The report found that the IRS “had not drawn on any lessons learned” from the Form 1099-K changes, where public confusion resulted in the delays, to the Form 1099-DA rollout and was not planning to evaluate its own communication around Form 1099-DA, Bidne said. In particular, the GAO found that the IRS needed to educate the public on reporting requirements, she said.
The report found that data on information returns filed in 2022 showed Forms 1099-B, Proceeds from Broker and Barter Exchange Transactions, were the most common information return filed and accounted for 4.1 billion, or 76%, of all information returns filed, Bidne said. Forms W-2 accounted for 270 million forms, or 5%, while all other forms accounted for 1 billion, or 19%, she said. However, the report cited IRS estimates that Form 1099-DA would “more than double the total of all information returns received,” she said.
A report on the employee retention credit program released Feb. 10 addressed how the IRS can prevent improper payments in future similar programs, Bidne said. The agency moved less quickly to resolve claims than it did to implement the ERC and could not process many claims until the unemployment rate returned to normal after the Covid-19 pandemic, she said.

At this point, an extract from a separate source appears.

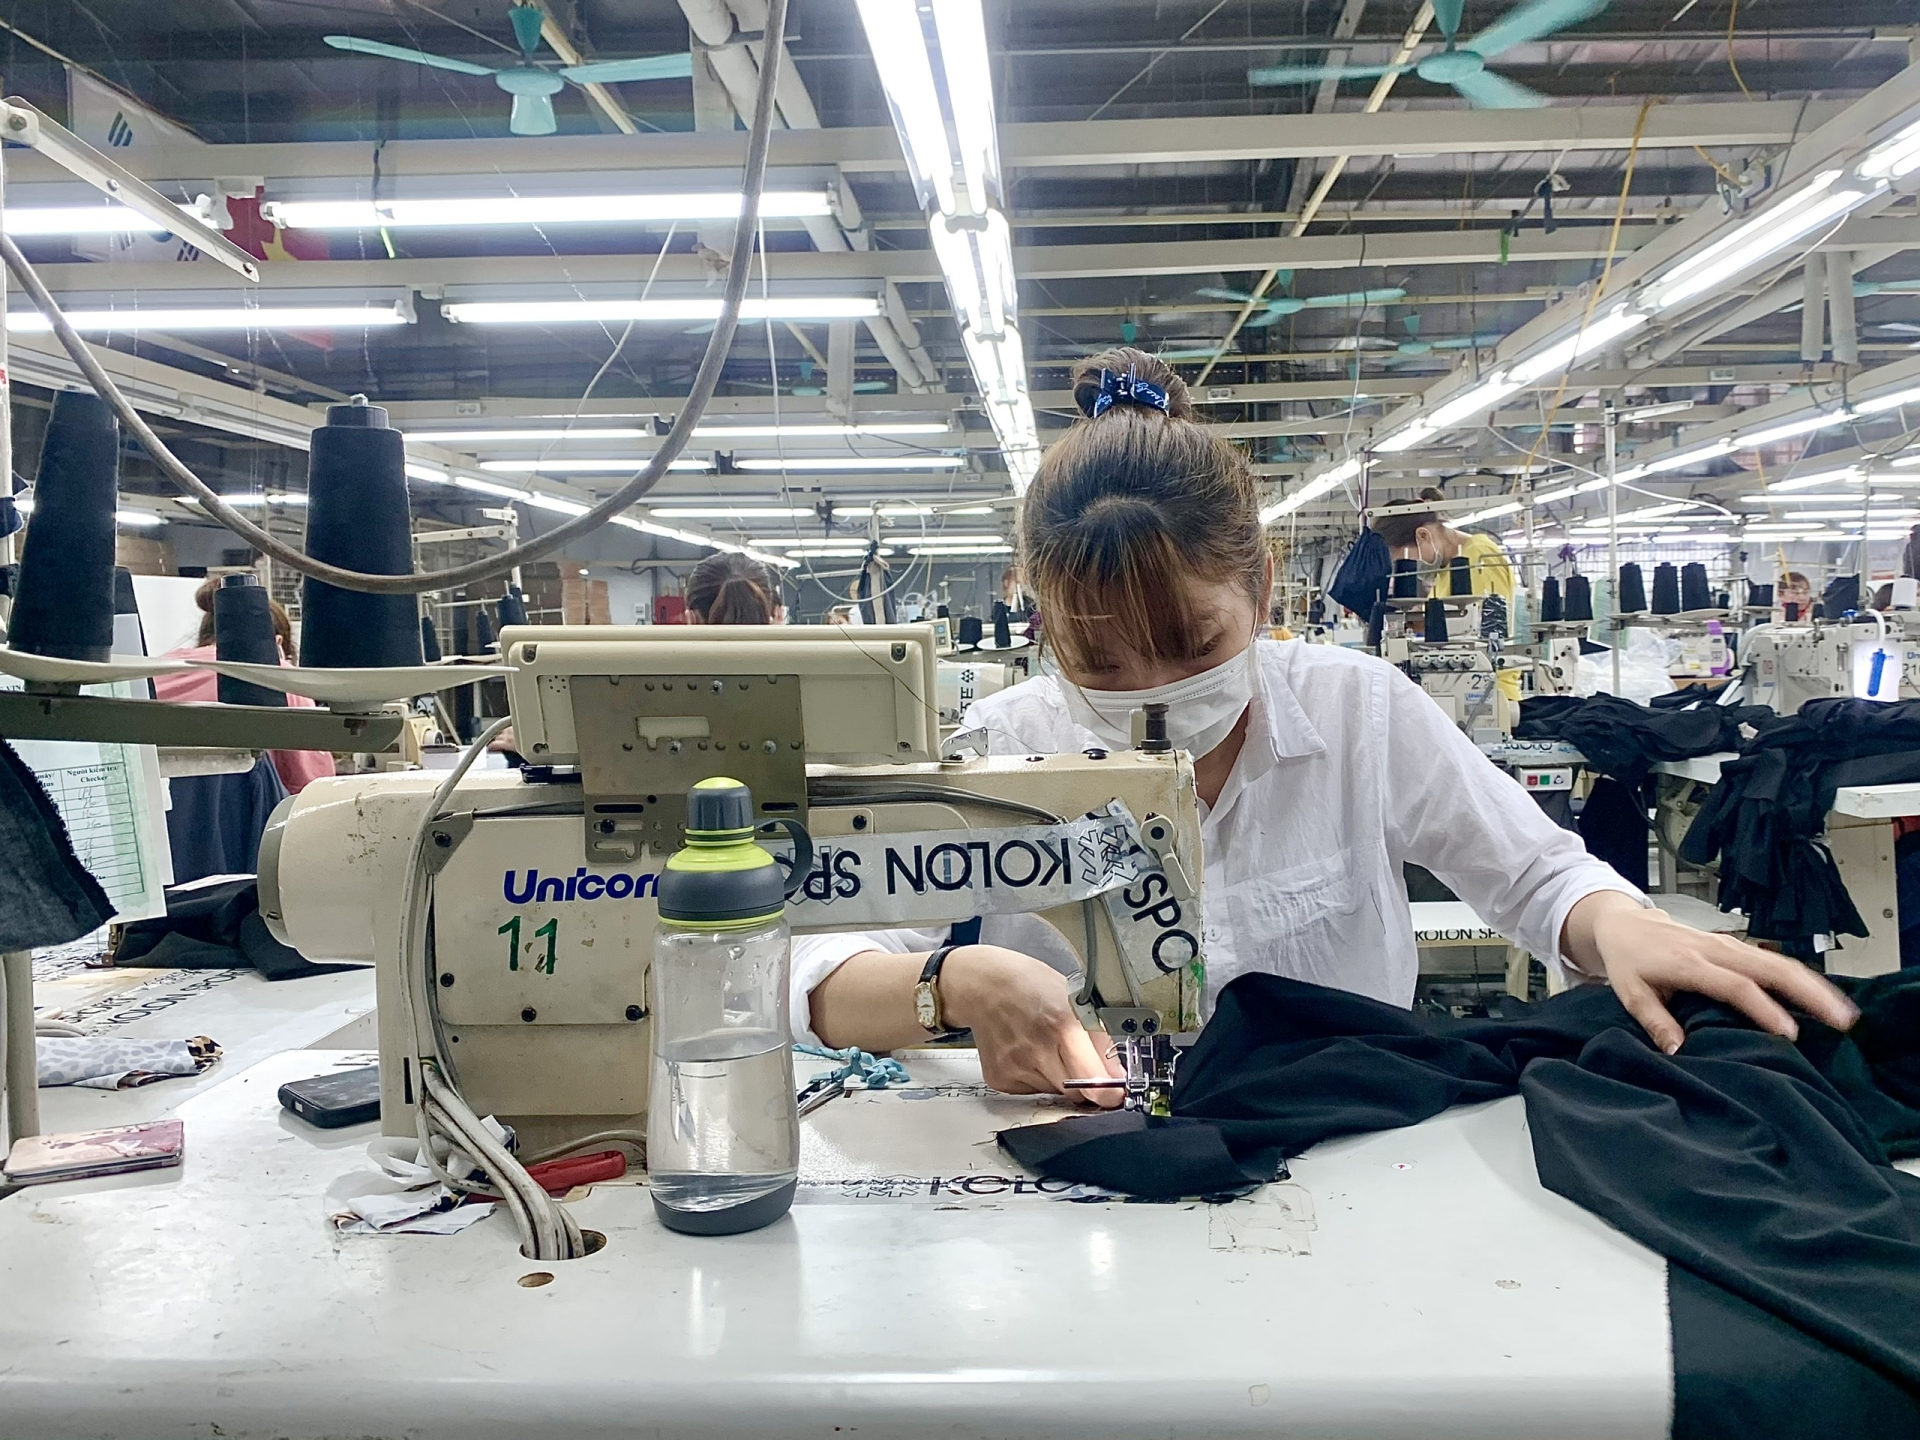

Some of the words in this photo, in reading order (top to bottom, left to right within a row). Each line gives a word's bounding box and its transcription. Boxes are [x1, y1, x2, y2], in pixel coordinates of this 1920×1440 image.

Some of the ERC program’s design “increased complexity and improper payment risk,” Bidne said, including that a “government order” suspending business operations was not clearly defined but was required to claim the ERC. Bidne said that 86% of ERC claims were filed on amended returns, primarily Form 941-X, Adjusted Employer’s Quarterly Federal Tax Return or Claim for Refund, which could not be e-filed until 2024 and required the extra work associated with processing paper forms.
The GAO found that the program would have benefited from additional eligibility reporting on employment tax returns that was not already required, Bidne said. For example, a questionnaire asking how an employer was eligible was sent when the employer was being audited for an ERC claim but could have been useful to include on employment tax returns, she said.
The IRS also did not provide timely updates on claim processing and when providing updates “may have led employers to expect claim processing that was not occurring,” Bidne said.
The report found that as of May 2025, the IRS did have “procedures for compliance planning” for new legislation, but not those specific to emergency situations such as a future employment tax credit, Bidne said.